Pre-pandemic, business casual dress codes in the workplace, which often required a high or at least a sensible heel for women, were already hurtling toward extinction. About 50% of companies allowed employees to dress casually every day, according to a 2019 Indeed survey. That was up from 32% just five years before.
Experts expect the proliferation of casual workwear to continue now that many workers are returning to the office and brands are marketing elevated sweatpants and T-shirts as professional looks.
Post-pandemic, many women heading back to the office are swapping heels for sneakers and flats. Fashion footwear experienced a 27% decrease in sales in 2020, according to NPD data.
However, just because workwear has shifted away from business casual doesn't mean women are abandoning fancy footwear altogether. Searches for trendy and designer heels have jumped substantially this summer as people resume socializing. Searches for clear heels were up 350% in the last year, according to Google Trends. Searches for Tom Ford heels and Bottega heels were up 500% and 350%, respectively, over the last year, as well.

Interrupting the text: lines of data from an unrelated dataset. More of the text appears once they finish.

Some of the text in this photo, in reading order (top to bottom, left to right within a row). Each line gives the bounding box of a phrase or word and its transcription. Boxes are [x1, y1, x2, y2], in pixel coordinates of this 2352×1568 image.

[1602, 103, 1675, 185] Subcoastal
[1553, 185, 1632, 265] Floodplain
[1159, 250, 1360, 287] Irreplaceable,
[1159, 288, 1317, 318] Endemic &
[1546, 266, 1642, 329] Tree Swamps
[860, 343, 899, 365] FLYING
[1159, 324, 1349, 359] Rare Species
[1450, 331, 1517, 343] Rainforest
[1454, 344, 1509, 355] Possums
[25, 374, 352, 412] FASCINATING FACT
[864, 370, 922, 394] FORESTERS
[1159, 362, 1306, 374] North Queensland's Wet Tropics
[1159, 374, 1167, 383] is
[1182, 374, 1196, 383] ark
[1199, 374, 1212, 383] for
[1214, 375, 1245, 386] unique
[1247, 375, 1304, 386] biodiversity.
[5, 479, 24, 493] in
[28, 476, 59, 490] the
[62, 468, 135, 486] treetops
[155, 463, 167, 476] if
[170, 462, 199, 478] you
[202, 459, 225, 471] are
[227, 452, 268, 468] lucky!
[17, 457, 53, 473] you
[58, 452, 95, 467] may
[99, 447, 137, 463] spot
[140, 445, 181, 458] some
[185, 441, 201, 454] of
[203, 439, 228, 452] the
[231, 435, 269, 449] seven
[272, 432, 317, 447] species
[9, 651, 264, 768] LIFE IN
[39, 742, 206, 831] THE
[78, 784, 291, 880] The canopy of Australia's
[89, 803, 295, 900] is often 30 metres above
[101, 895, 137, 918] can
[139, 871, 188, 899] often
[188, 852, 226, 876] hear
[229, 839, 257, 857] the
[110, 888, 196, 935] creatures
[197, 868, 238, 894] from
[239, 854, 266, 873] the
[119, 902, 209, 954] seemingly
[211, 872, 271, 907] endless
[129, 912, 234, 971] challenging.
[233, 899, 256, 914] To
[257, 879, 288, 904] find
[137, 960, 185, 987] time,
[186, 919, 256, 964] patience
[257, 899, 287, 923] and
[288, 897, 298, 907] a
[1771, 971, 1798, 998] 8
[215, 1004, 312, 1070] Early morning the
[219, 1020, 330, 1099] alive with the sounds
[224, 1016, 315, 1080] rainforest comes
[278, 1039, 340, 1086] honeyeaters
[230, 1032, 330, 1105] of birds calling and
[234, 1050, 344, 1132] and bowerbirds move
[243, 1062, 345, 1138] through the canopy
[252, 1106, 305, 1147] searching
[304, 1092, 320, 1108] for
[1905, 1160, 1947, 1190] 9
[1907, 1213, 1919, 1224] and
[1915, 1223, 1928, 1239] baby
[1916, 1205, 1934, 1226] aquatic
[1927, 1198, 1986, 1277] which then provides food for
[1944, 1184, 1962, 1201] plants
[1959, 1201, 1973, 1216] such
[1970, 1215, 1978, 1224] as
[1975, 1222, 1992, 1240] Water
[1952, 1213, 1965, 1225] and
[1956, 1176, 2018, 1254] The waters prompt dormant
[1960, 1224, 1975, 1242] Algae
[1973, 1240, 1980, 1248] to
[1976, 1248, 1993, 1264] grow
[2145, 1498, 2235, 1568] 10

Lots of women are simply eliminating heels from the parts of their lives where the infamously uncomfortable shoe never really belonged in the first place: work, experts say. But they are embracing that shoe style in other ways.
The decline of heels in the workplace is not solely due to women's discomfort, says Edgar Ndjatou, executive director at Workplace Fairness. It is also a product of companies trying to protect themselves from lawsuits.
"The use of high heels has a pretty fraught history," he says. "The wearing of high heels was connected to many sexual harassment complaints in the past."
Although both men and women had dress codes, unlike men, women were more often treated differently based on their appearance, Ndjatou explains. They were, for example, often expected to wear heels. In recent years, to circumvent lawsuits, companies have attempted to make dress codes for men and women similar or, at the very least, less specific.
For example, when Goldman Sachs relaxed its dress code for bankers in 2019, the company memo read that employees should dress "in a manner that is consistent" with clients' expectations, and added "all of us know what is and is not appropriate for the workplace." Nothing was noted about how the different genders should dress.
"Companies try to make it as gender-neutral as possible to avoid any issues with gender discrimination," Ndjatou says.
These changes left a gap in the market for comfortable clothes that were also professional.
Some designers saw an opportunity in this vacuum. In 2018, Sarah LaFleur, founder of the clothing store M.M.LaFleur, introduced a product category named "Power Casual."
"The increasing casualization of workwear is something that we have been anticipating and designing into for several years now," she says.
The company's Power Casual collection features formal sweatshirts, stretchy slacks, and white tennis shoes. The goal was to provide pieces that were "comfortable and relaxed, yet polished enough to make you feel put-together," she says.
As part of that shift away from office dress codes, some women transformed heels from a sexist requirement into a power statement. Women who embraced a sensible heel did so to show "solidity and tenaciousness," says M.M.LaFleur co-founder and chief creative officer, Miyako Nakamura.
The pandemic forced companies to value different traits, though. "I think that, especially coming out of the pandemic, we've emerged with a different definition of strength, where leaders are equally valued for their ability to be flexible and responsive, at ease in making lots of different decisions and playing multiple roles — caregiver and leader, for example," she says. And while she doesn't think women will altogether stop wearing heels at work, this shift in priorities has made the heel as a power statement that much more unnecessary.
Carrie McConkey of Carrie M. Image Consulting in Knoxville, Tennessee, has been in the workforce for more than 30 years. At age 51, she says she has seen the steady decline in heels at the workplace and in the professionals she styles. She believes it is because younger workers prioritize presenting different characteristics, especially when it comes to first impressions. For many, this means looking polished, but opting out of heels.
"I think as the younger generations move into the workforce, they want to make a good impression, but they are not as worried about their outside appearance as they are worried about their behavior and communication," McConkey says.
As the economy reopens, many women are choosing to wear heels for fun, now that they can go out again after staying in through much of 2020.
Freelance writer Lauren Styx, 27, is more excited to wear heels now than she was before the pandemic. Styx, who lives in New York City, specifically bought some red patent leather clogs a couple months ago "in anticipation of the summer," she says.
"I've worn heels out to dinners and such, but also on random errands, like apartment showings," she says. "Heels felt reserved for more formal or special occasions before, but now every time I go out feels like a special occasion."
Workplace heels, meanwhile, are now more of a choice than an obligation, McConkey says: "Women don't wear heels because they feel they are expected to. They wear heels if they think it will enhance their confidence or mood that day."